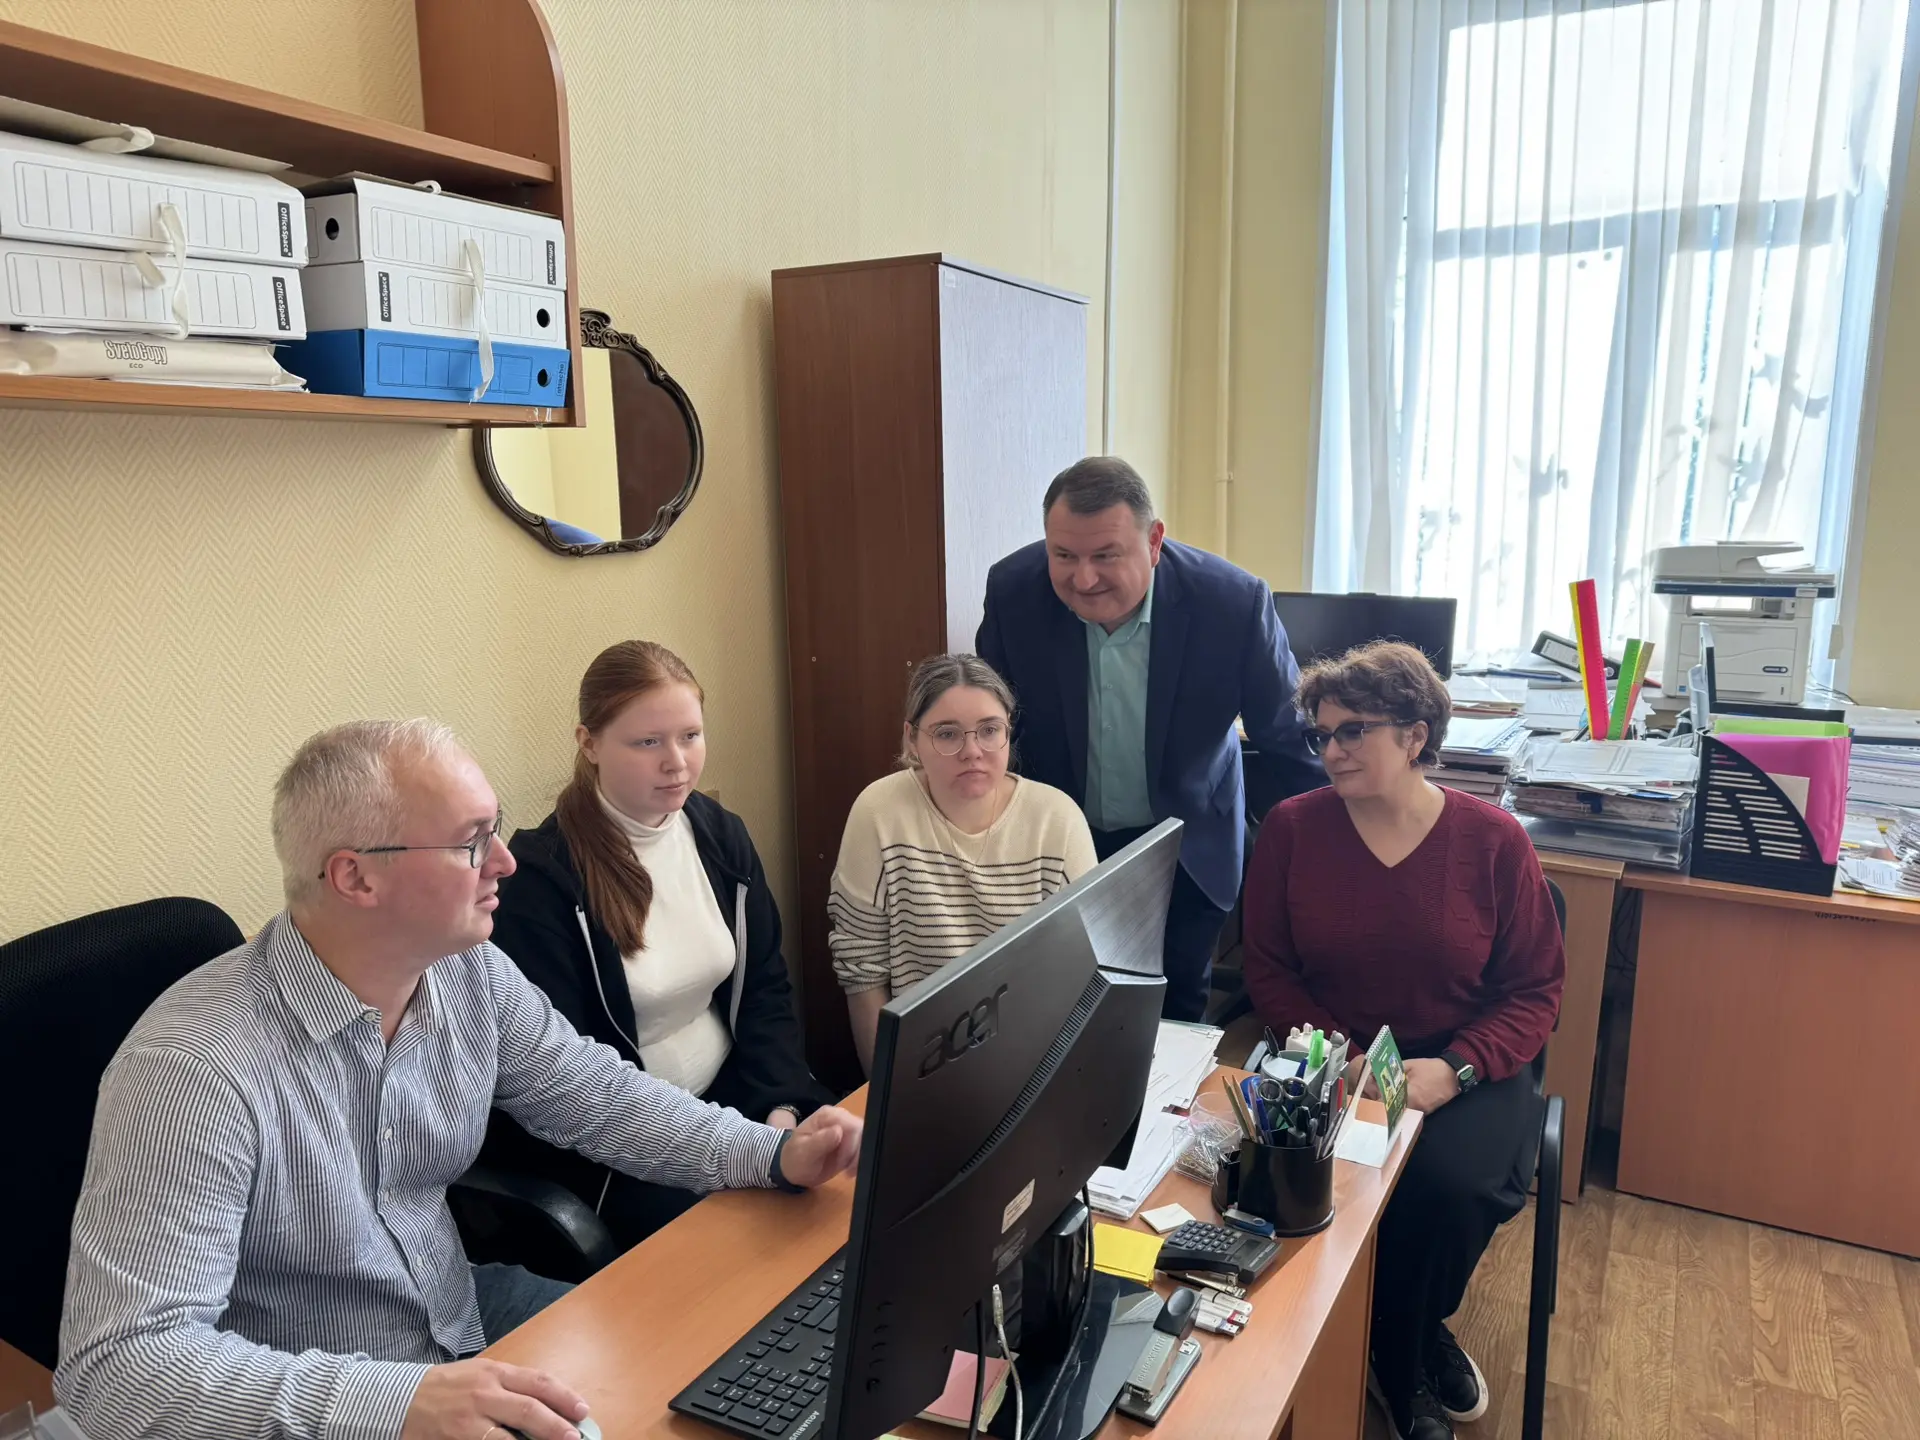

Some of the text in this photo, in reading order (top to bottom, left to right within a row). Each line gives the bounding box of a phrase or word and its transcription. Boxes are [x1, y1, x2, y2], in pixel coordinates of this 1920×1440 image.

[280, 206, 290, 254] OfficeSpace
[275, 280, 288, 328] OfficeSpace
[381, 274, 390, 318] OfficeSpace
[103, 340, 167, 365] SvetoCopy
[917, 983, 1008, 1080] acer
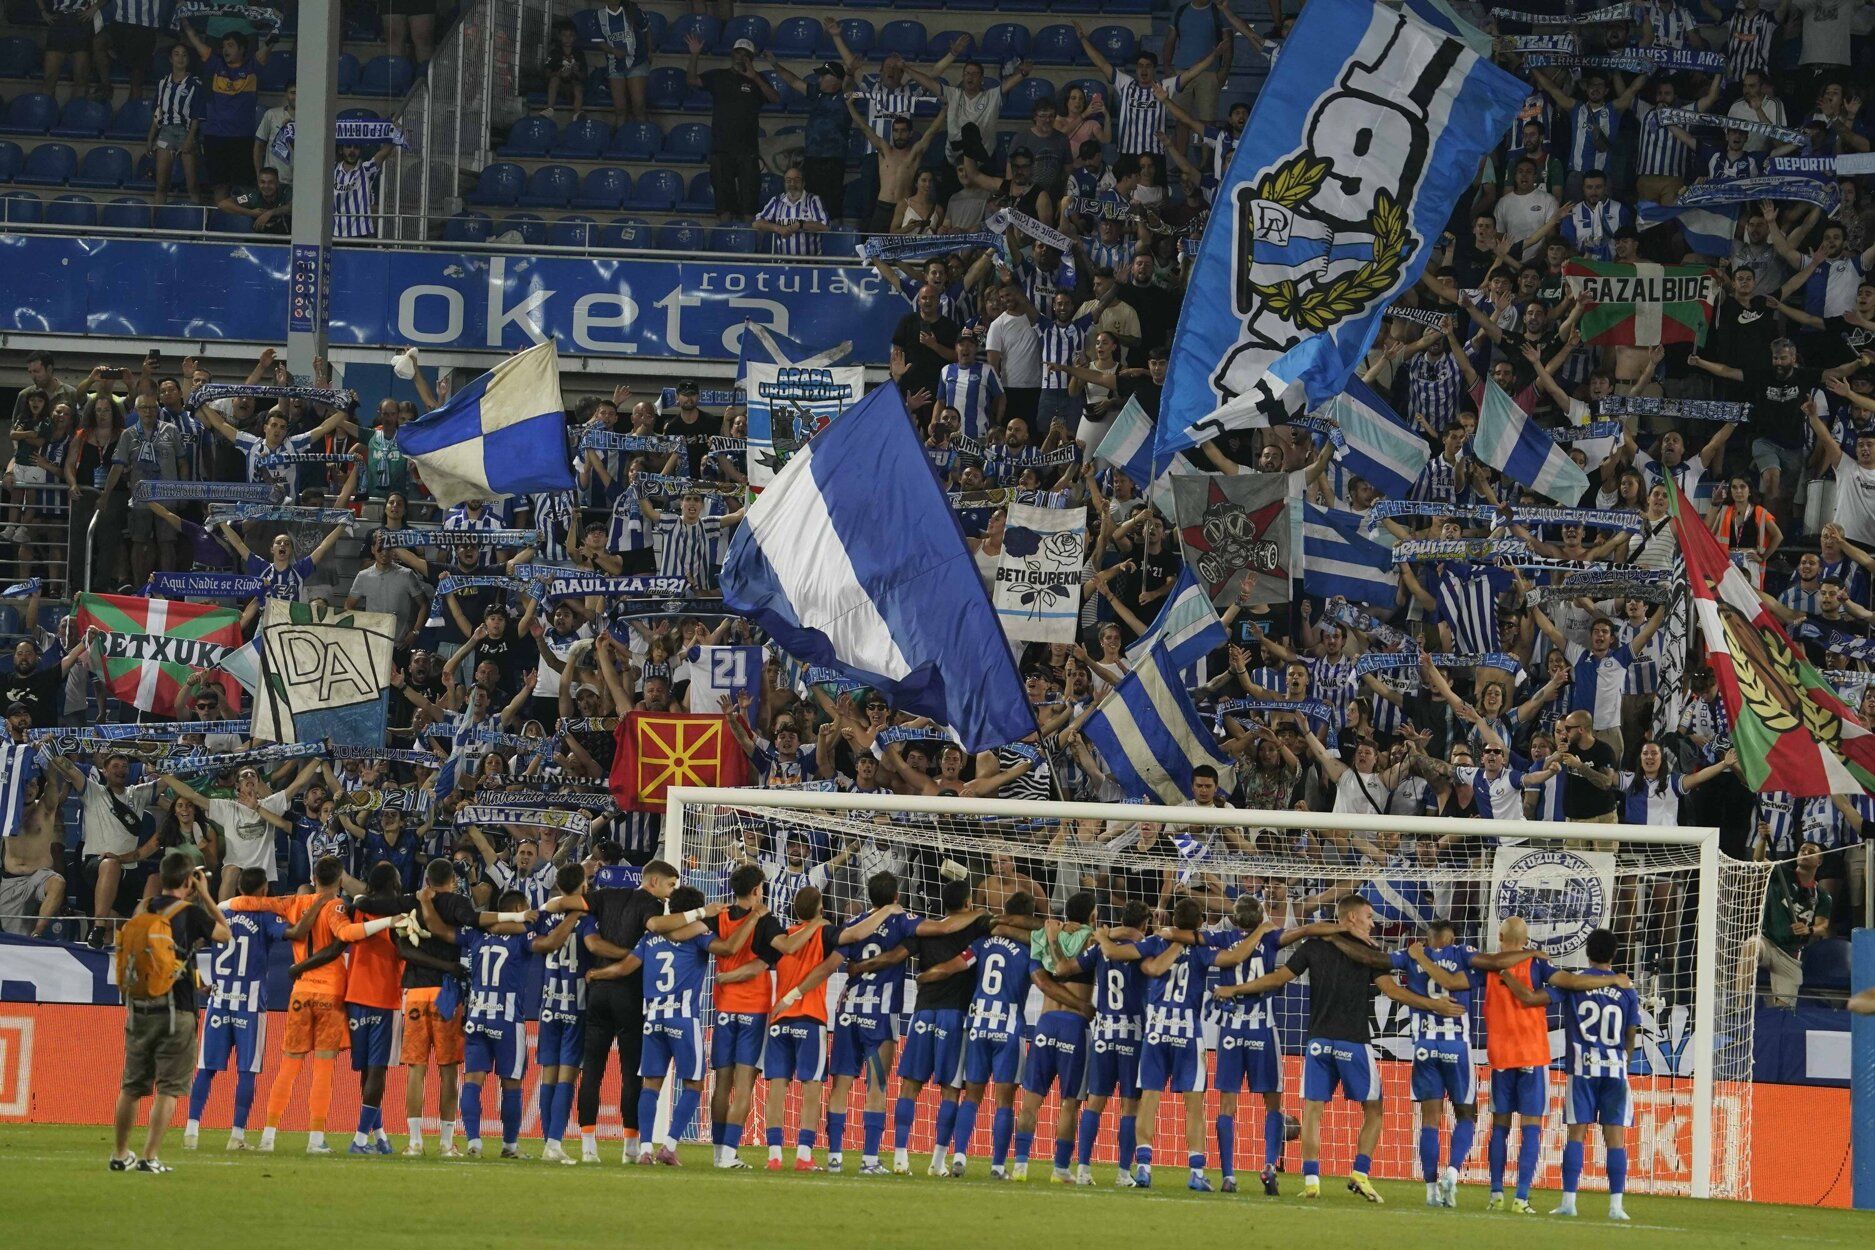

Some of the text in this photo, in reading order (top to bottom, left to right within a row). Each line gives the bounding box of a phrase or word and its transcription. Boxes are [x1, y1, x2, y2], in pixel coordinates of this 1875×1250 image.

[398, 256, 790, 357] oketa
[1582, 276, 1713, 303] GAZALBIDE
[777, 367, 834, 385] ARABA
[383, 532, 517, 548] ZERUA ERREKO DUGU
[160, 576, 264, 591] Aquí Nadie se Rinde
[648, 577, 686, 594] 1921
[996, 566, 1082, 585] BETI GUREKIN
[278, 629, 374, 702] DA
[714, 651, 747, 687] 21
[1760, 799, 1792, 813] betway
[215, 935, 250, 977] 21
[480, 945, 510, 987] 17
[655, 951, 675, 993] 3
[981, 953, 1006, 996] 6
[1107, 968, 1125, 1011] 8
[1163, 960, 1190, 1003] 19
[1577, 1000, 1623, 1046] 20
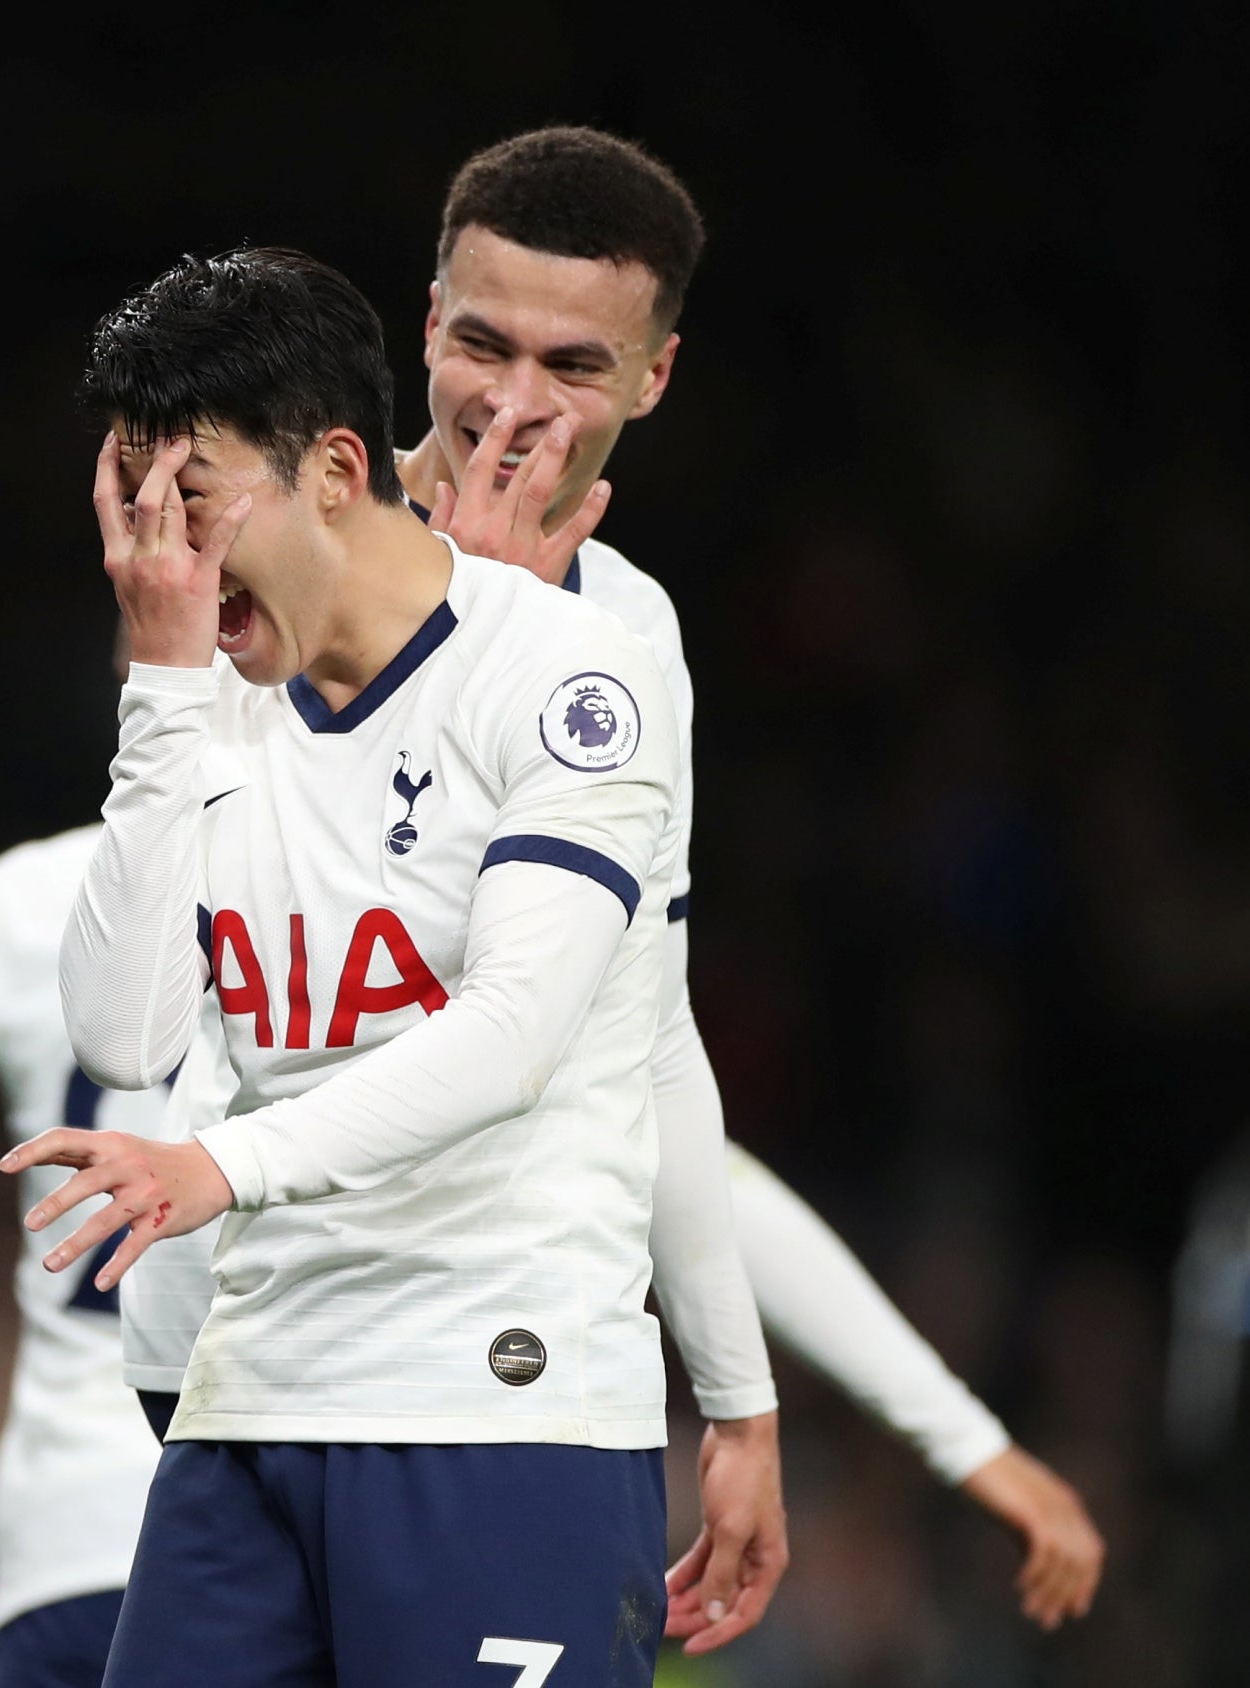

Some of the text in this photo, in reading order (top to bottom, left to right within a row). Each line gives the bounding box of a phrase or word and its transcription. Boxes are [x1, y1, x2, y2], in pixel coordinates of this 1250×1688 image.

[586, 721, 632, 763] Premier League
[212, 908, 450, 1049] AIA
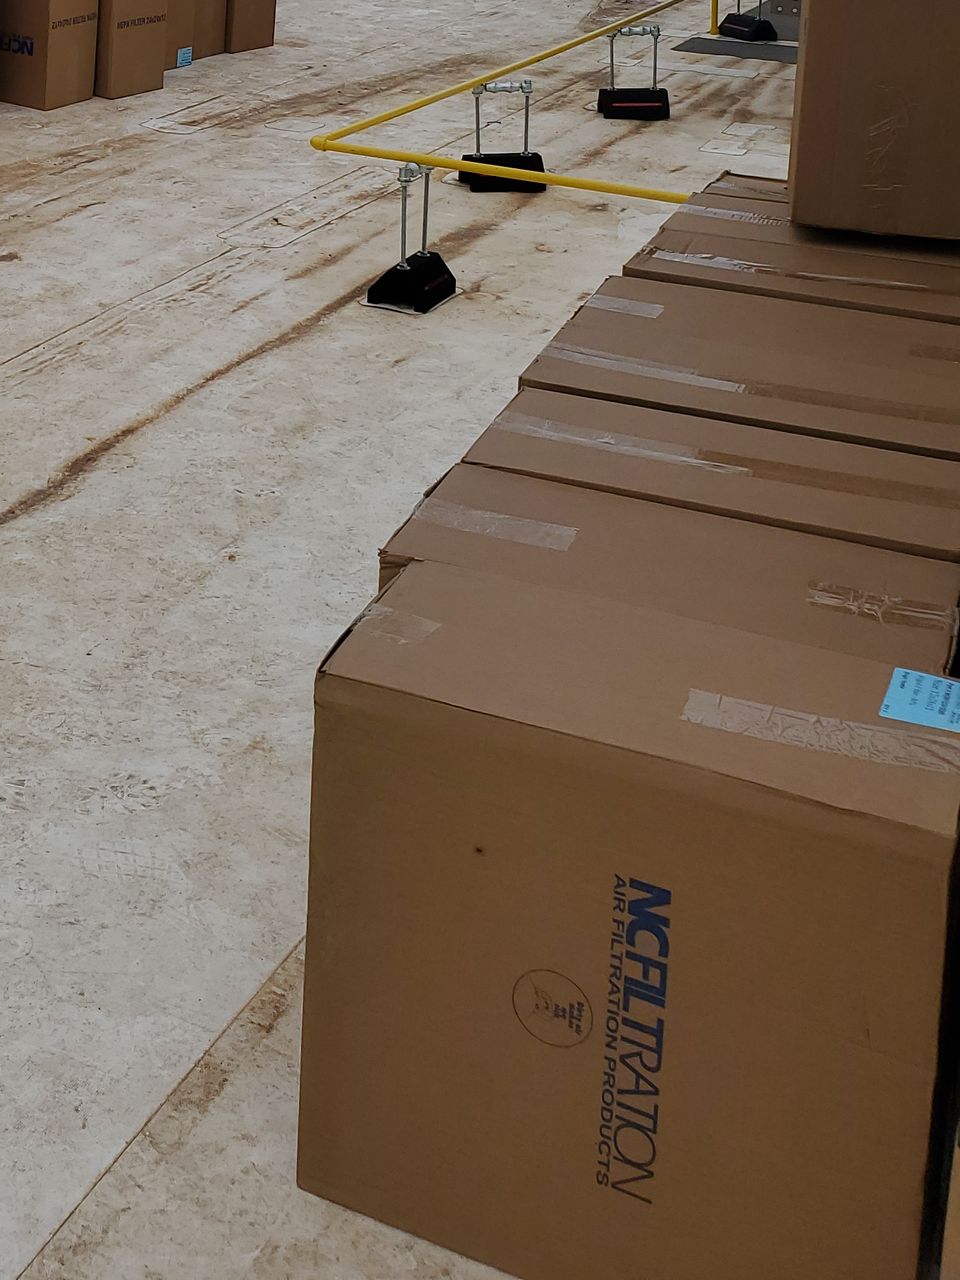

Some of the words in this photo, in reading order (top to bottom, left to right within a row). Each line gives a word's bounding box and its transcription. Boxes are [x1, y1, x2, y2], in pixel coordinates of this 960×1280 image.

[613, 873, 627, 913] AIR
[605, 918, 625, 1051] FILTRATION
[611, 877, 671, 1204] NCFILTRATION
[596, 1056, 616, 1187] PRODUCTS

----------

Exercise goal:
Starting with the line that has "Some of the words", print each remaining line of the listing exactly.

Task solution:
Some of the words in this photo, in reading order (top to bottom, left to right within a row). Each line gives a word's bounding box and its transcription. Boxes are [x1, y1, x2, y2], in pixel coordinates of this 960×1280 image.

[613, 873, 627, 913] AIR
[605, 918, 625, 1051] FILTRATION
[611, 877, 671, 1204] NCFILTRATION
[596, 1056, 616, 1187] PRODUCTS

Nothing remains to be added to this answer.